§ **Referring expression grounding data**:

================================

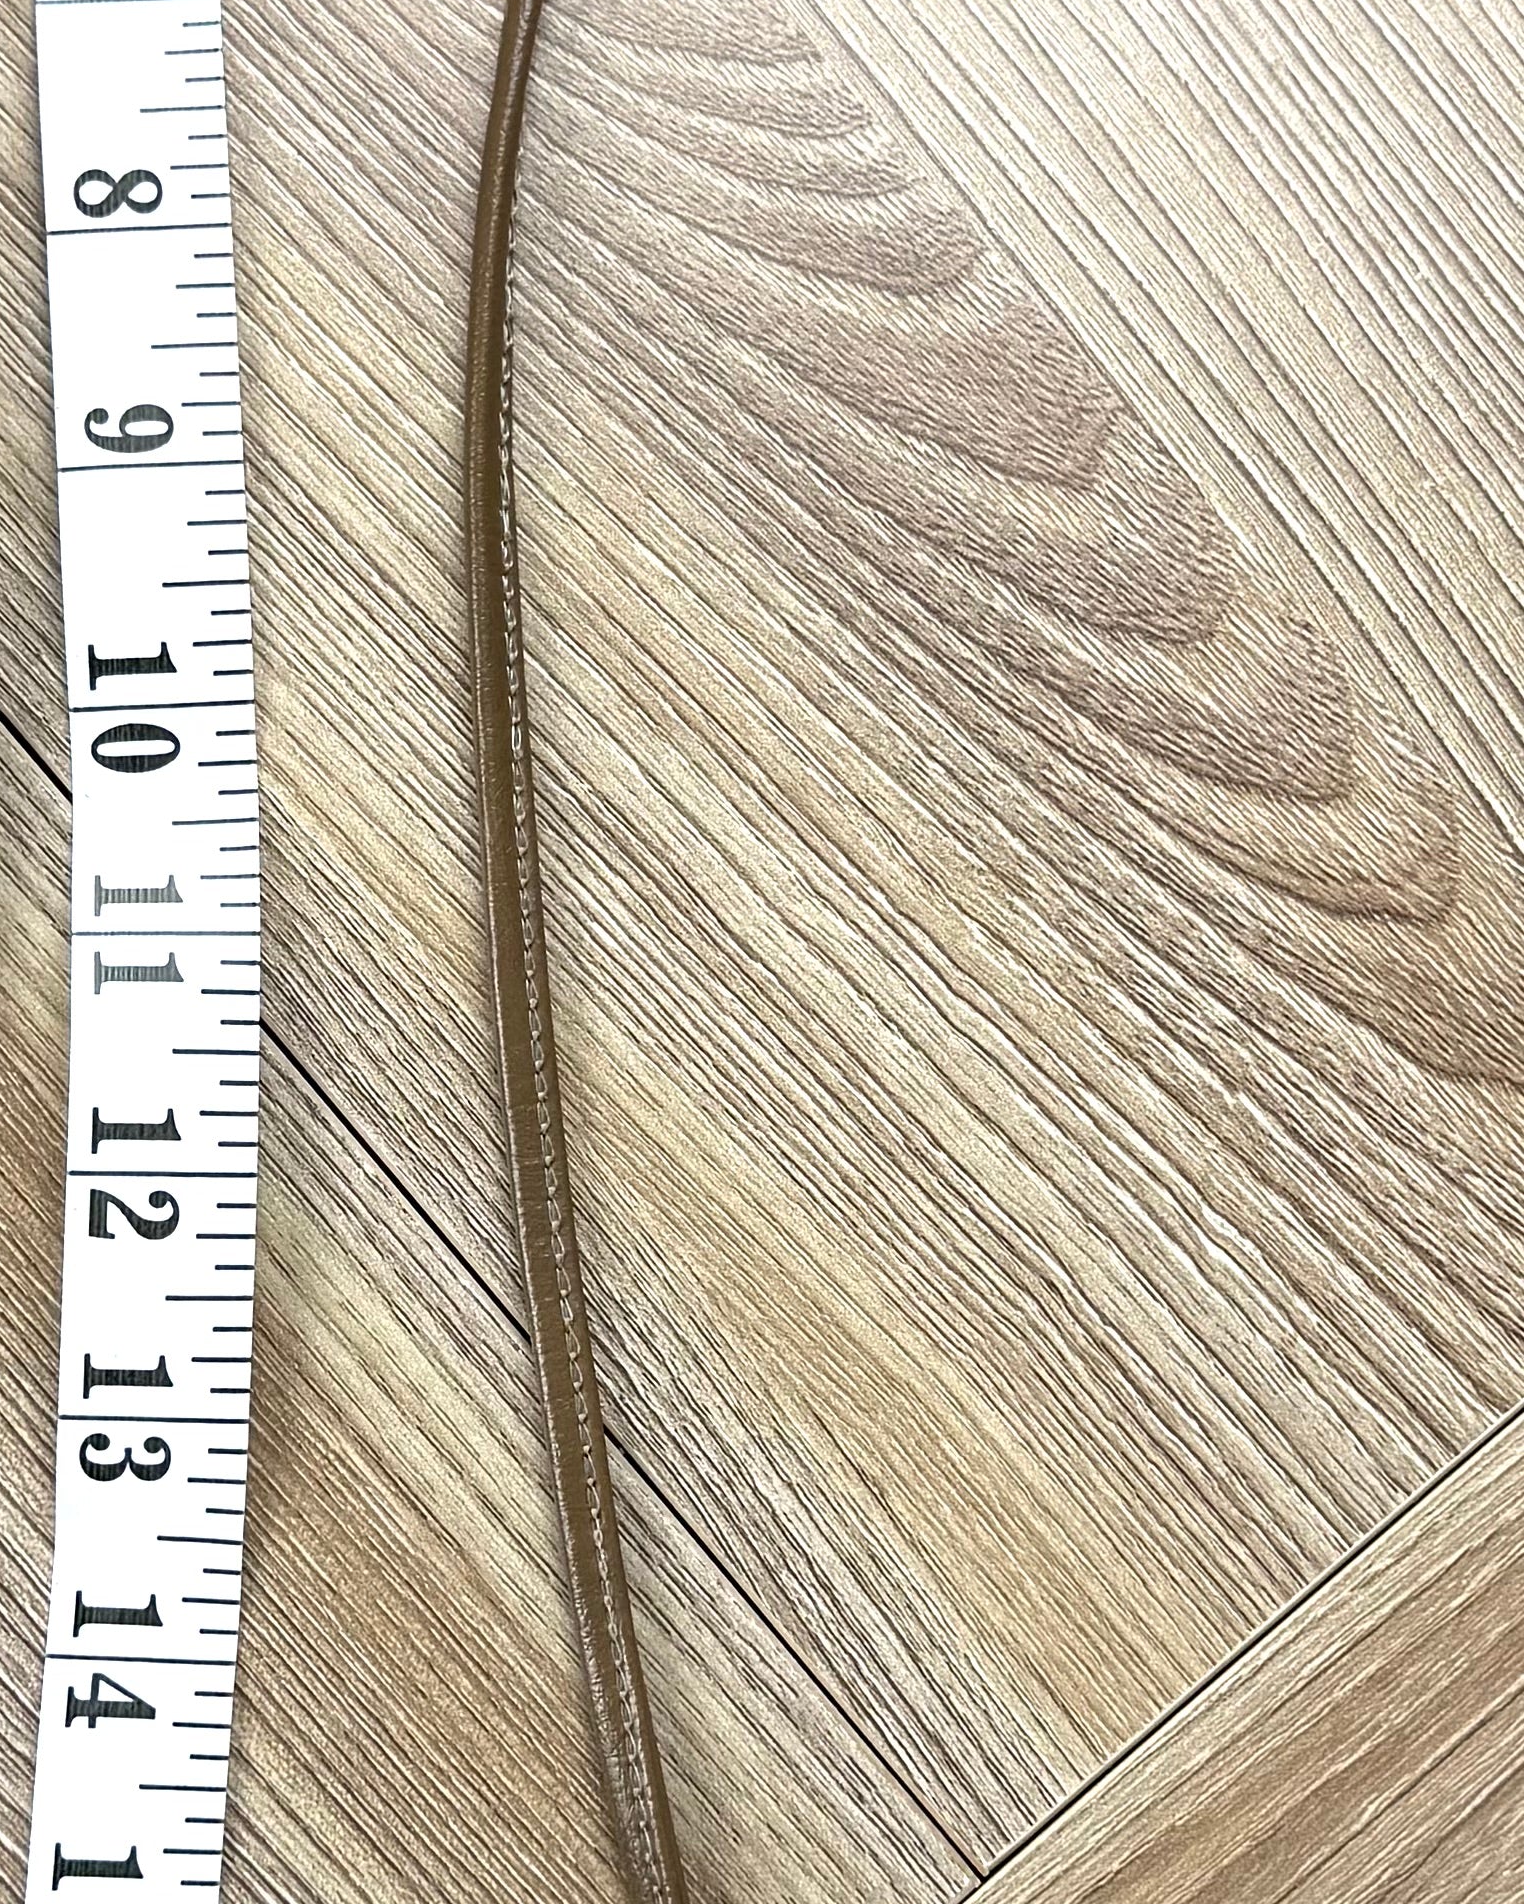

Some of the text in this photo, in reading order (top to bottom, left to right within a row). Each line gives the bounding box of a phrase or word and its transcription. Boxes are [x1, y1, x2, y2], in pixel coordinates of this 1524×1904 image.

[73, 169, 162, 218] 8
[84, 403, 174, 453] 9
[88, 641, 180, 773] 10
[94, 875, 183, 994] 11
[88, 1107, 181, 1241] 12
[79, 1353, 173, 1482] 13
[65, 1590, 163, 1728] 14
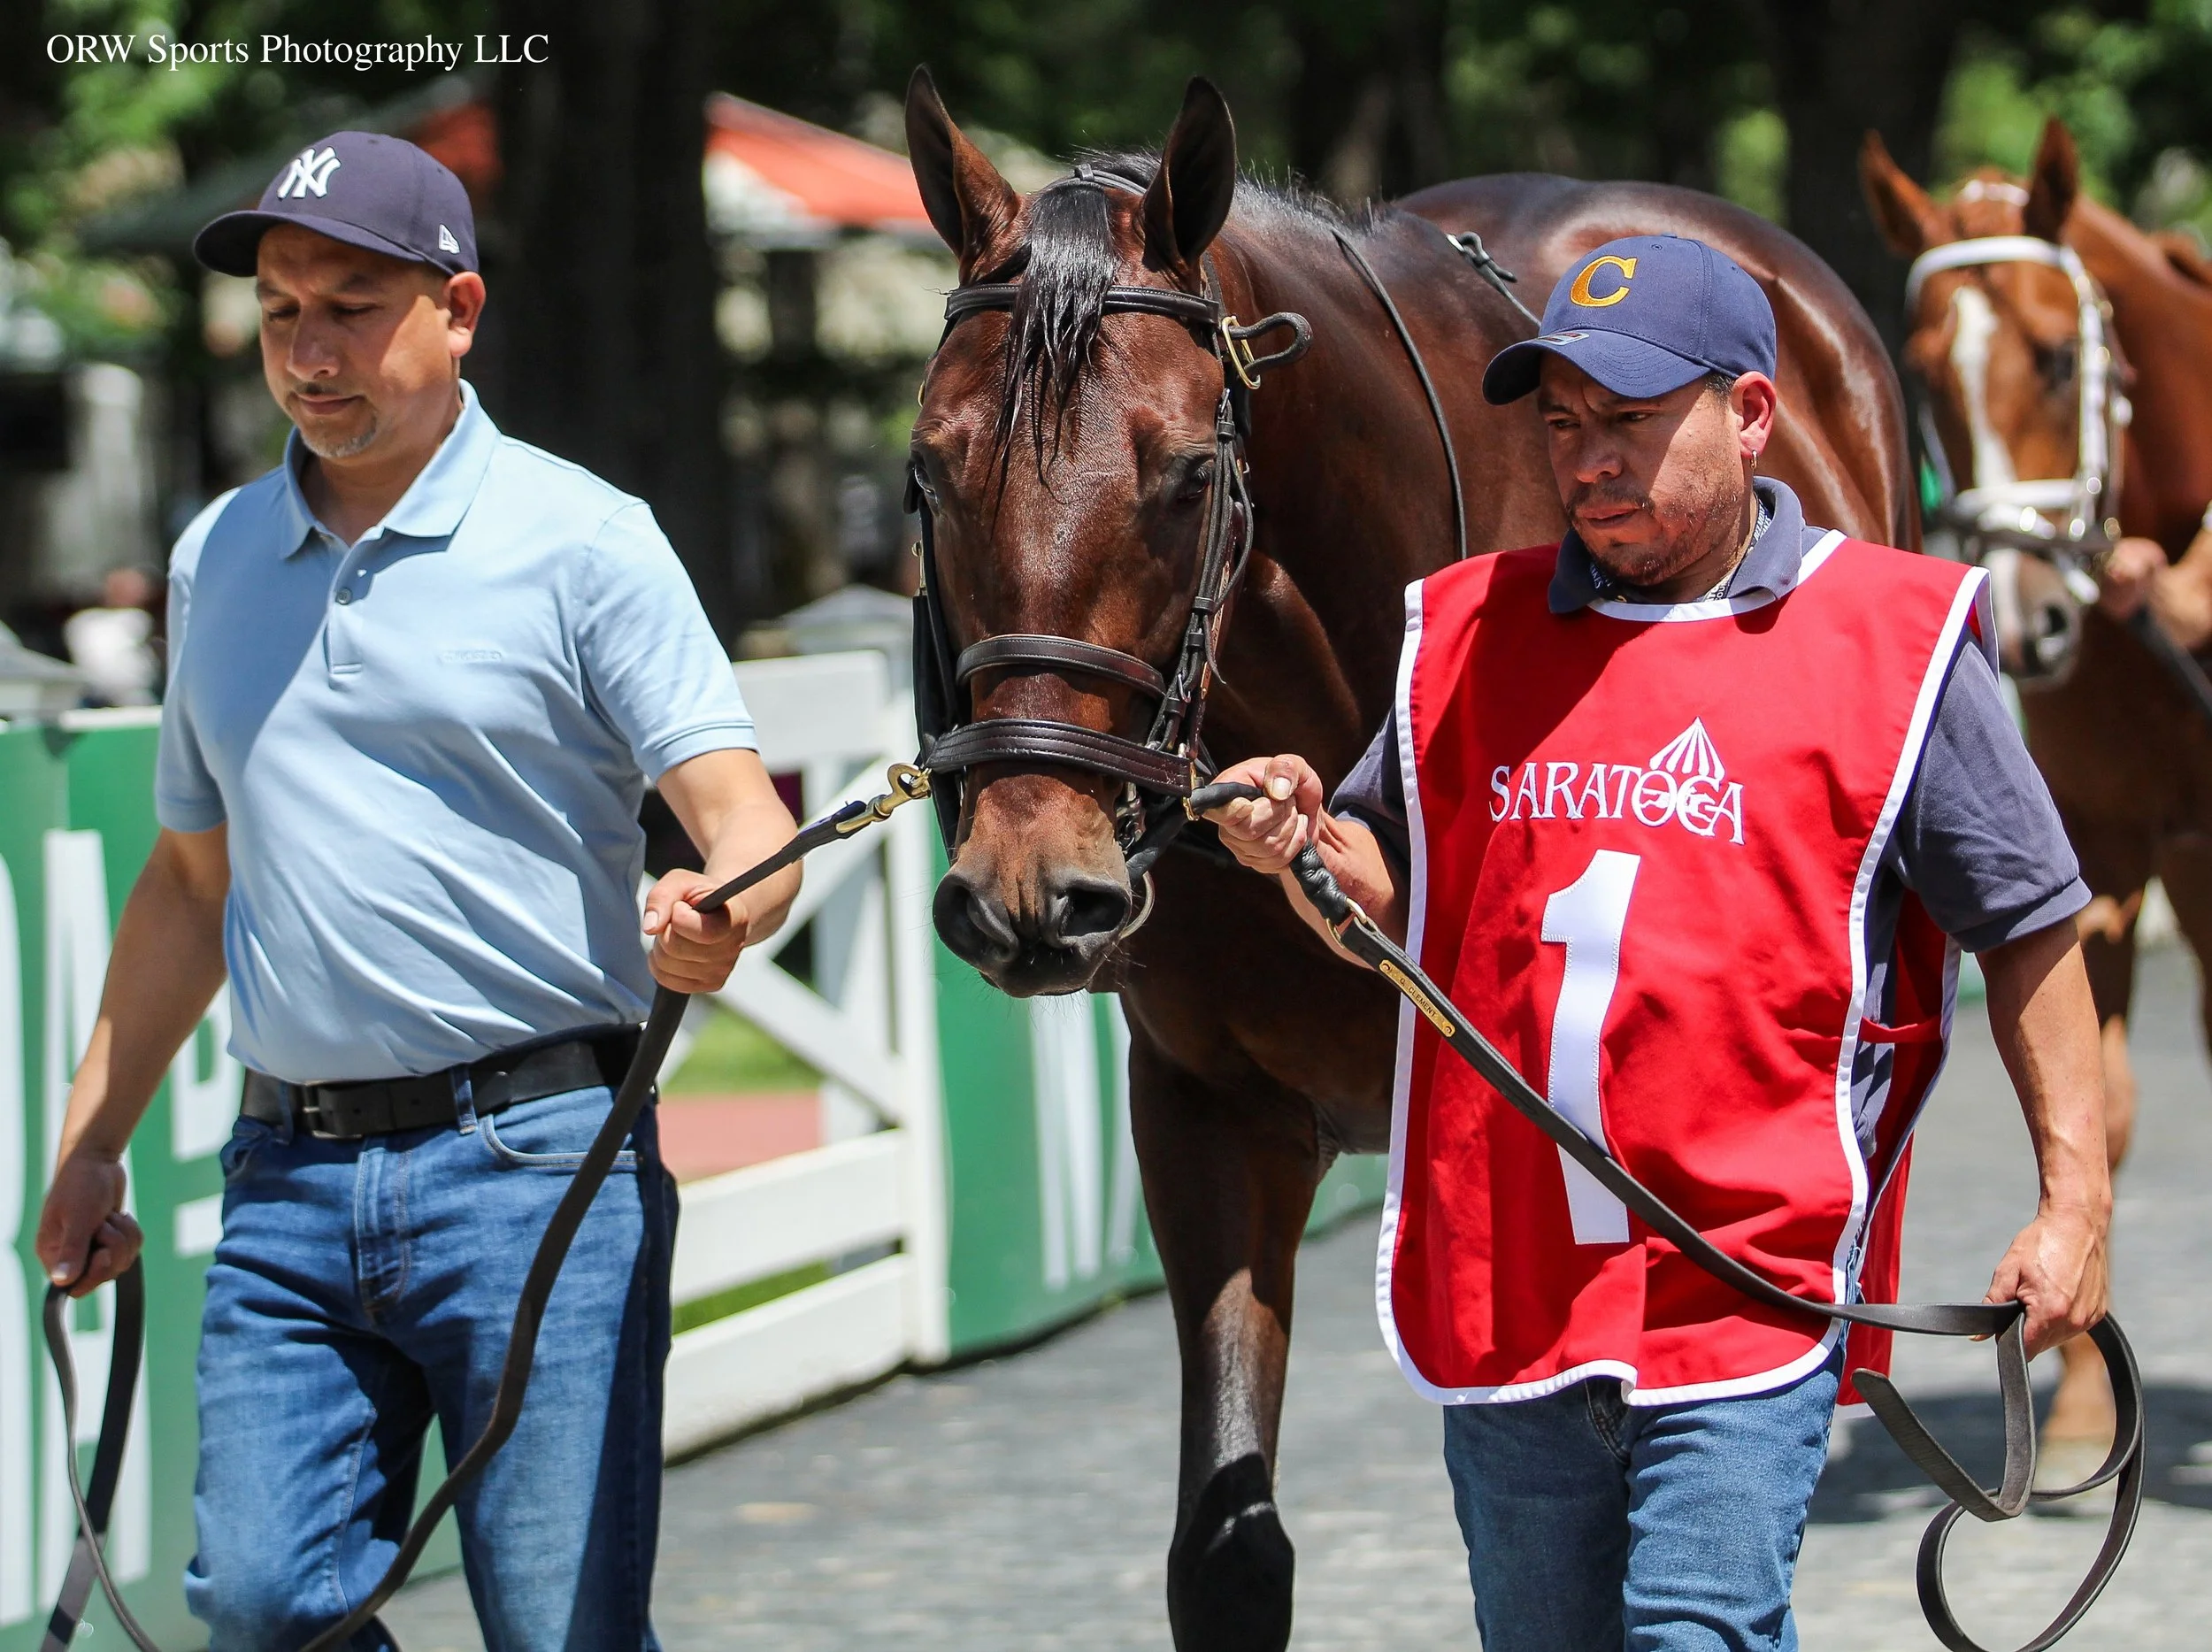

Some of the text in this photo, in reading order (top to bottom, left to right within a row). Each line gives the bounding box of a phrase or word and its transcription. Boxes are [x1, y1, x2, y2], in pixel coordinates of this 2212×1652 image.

[277, 146, 342, 199] NY
[1570, 255, 1638, 308] C
[1489, 762, 1745, 845] SARATOGA
[1408, 987, 1437, 1018] CLEMENT
[1541, 849, 1640, 1245] 1
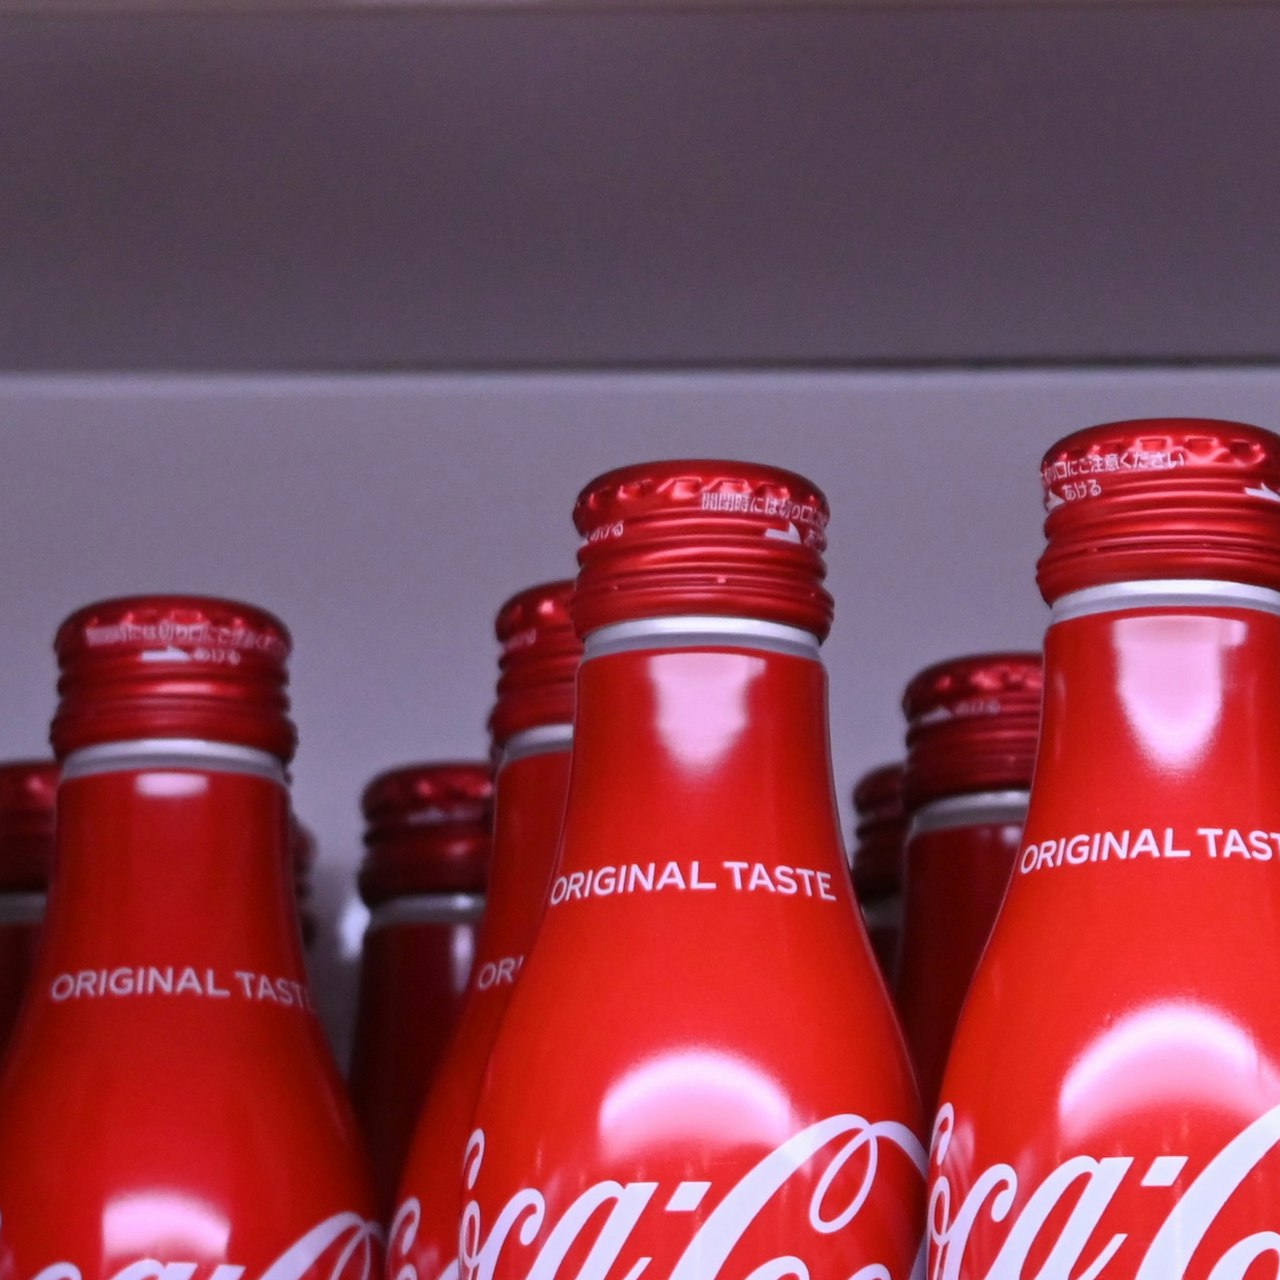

================================

§ **TASK TO CARRY OUT**: Output the entries exactly and keep every picture out of them.

§ **RESULT OF THIS EXERCISE**:
Some of the text in this photo, in reading order (top to bottom, left to right within a row). Each line gives the bounding box of a phrase or word and its transcription. Boxes are [x1, y1, x2, y2], in pixel coordinates of this 1524×1904 image.

[73, 169, 162, 218] 8
[84, 403, 174, 453] 9
[88, 641, 180, 773] 10
[94, 875, 183, 994] 11
[88, 1107, 181, 1241] 12
[79, 1353, 173, 1482] 13
[65, 1590, 163, 1728] 14

Some of the text in this photo, in reading order (top to bottom, left to right within a row). Each line gives the bounding box of a phrase or word and its transcription. Boxes are [x1, y1, x2, y2], in pixel coordinates of this 2212×1652 image.

[277, 146, 342, 199] NY
[1570, 255, 1638, 308] C
[1489, 762, 1745, 845] SARATOGA
[1408, 987, 1437, 1018] CLEMENT
[1541, 849, 1640, 1245] 1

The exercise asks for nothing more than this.